A contact can be generally defined as an obligation that can be legally enforced and is owed by a party to another due to a formal act or informal agreement. The contract must also satisfy specific terms for it to be legally valid (Klass, 2010, p. 27). The terms include whether the person making the contract was old enough for the contract to be valid. Most countries usually set 18 as the lower limit of the age in which a person entering into a contract with another should be. The parties involved in the contract should also be of sound mental status while entering into a contract with each other (Plimpton, 2007, p. 4).
The contracts do not necessarily have to be written to be valid; they may also be made verbally. A verbal contract is usually hidden and is in most cases only known by the parties who were present during the fulfillment of the agreement. Other people who were involved in the contract may not be aware of the contract until the other party tries to enforce the contract. This makes verbal contracts have the potential to hurt some of the parties involved, as there is no documentation to prove the existence of the agreement, hence making it hard for a party to effectively convince a judge or jury of the details of the agreement (Plimpton, 2007, p. 5). The above limitations necessitate the writing down of the agreements between different parties to avoid any dispute that may come up.
Contracts are mainly used to prevent future disagreements that may arise in the enforcement of certain agreements between different parties. The disagreements may be brought up as a result of a change of ownership of the company, changes in the financial situation of the company, or a change in the management of the company, which makes the company stop doing what the company is not obliged to do by a specific contract.
Main Features of a Contract
There must be intentions between the two parties to enter into legally binding relations before the creation of the actual contract. This is usually a determinant of the conditions or circumstances in which the agreement between the parties was made (Anon, 2011).
For a contract to be valid there must be a mutual agreement between the parties involved in the contract. In addition, the terms of the condition must be clear, complete, specific, and unambiguous. The parties involved in the formulation and enforcement of the contract must be easily identifiable (Gray, 2010). A contract can also be revoked before the actual signing of the contract by one of the parties writing to the other party, informing him of the intention not to enter into a contract with him. The parties entering into the contract must also be able to accept to sign the contract with full knowledge of the offer being made by the other party.
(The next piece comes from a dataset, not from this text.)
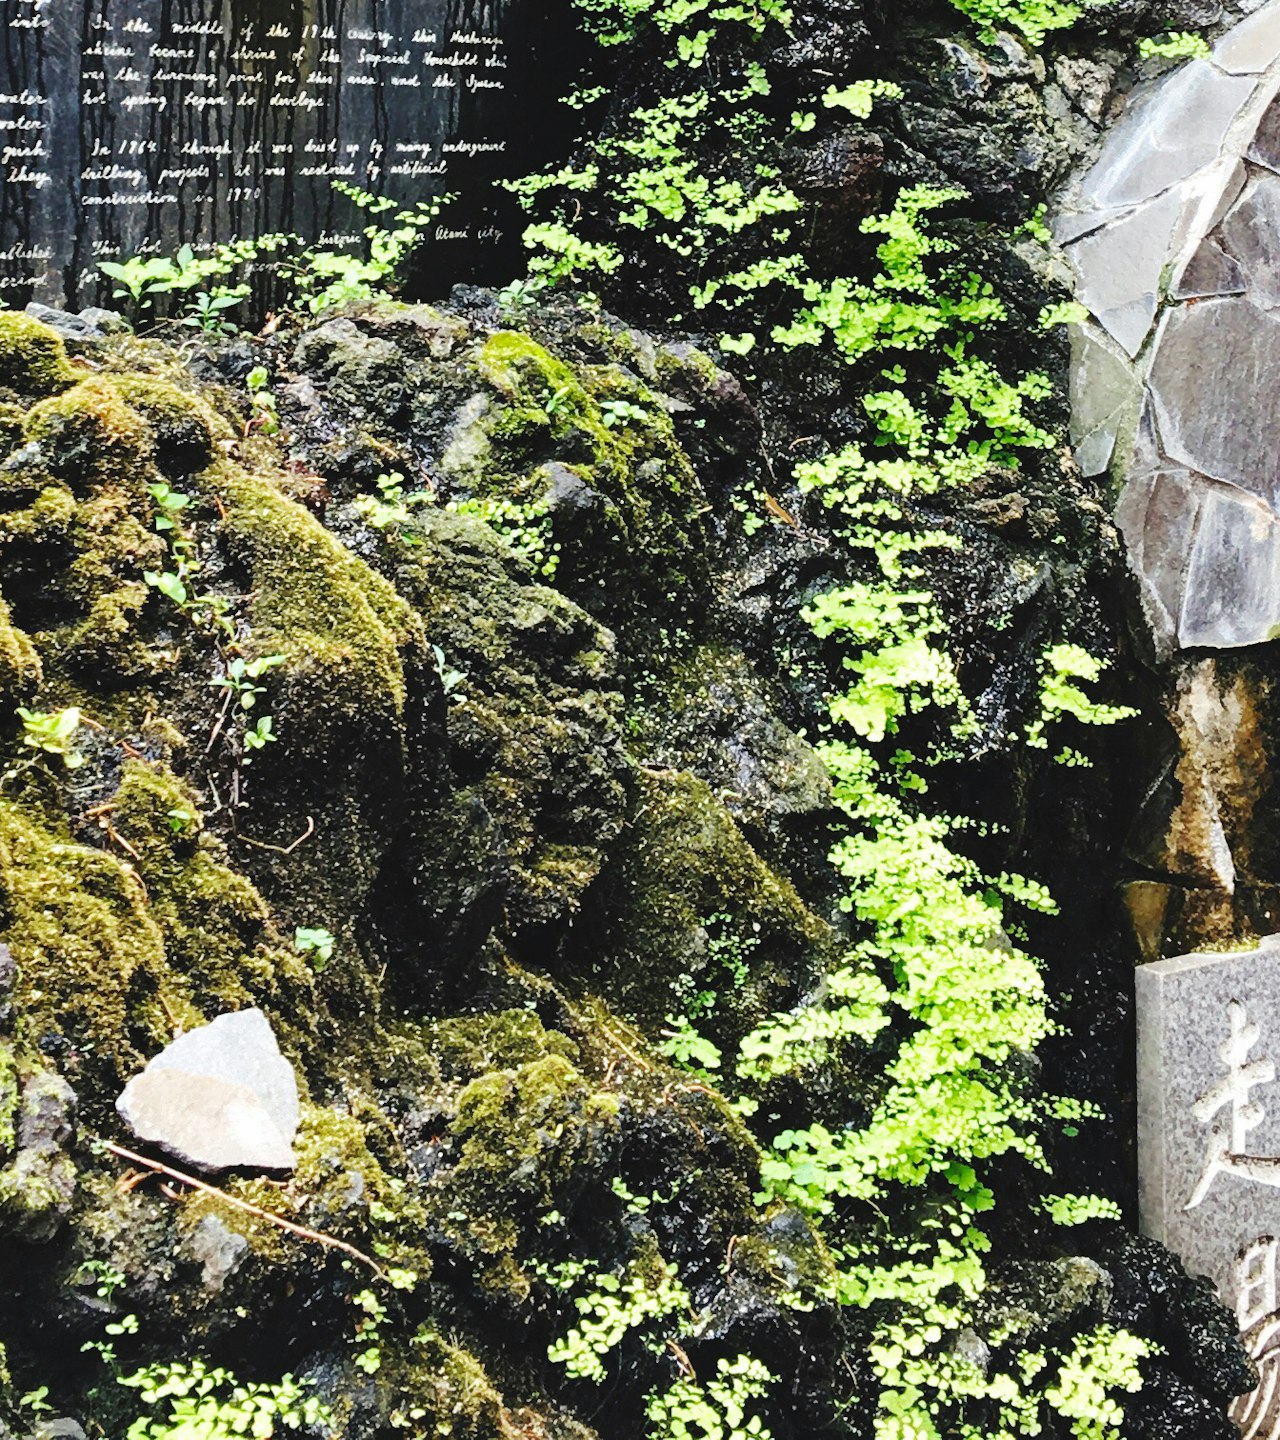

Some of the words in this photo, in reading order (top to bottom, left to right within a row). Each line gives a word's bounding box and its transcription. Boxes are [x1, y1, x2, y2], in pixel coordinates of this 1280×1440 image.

If one of the parties is not aware of the offer while signing the agreement, the contract is deemed invalid (anon, n.d, p. 2)
The parties in the contract must also be in a capacity to enter into a legally binding contract for the contract to be valid (Cross, 2006, p. 193). The person must be an adult (18 years or more in most regions) for the contract to be valid. The parties involved in the signing of the contract must also not be in a situation that impairs their judgment on the agreement they are entering into. Impairment in the judgment may result in insanity, being under the influence of drugs or alcohol, or having diseases, all of which affect mental capacity. Moreover, a person entering into the contract must do so willfully without being threatened or intimidated (Gray, 2010).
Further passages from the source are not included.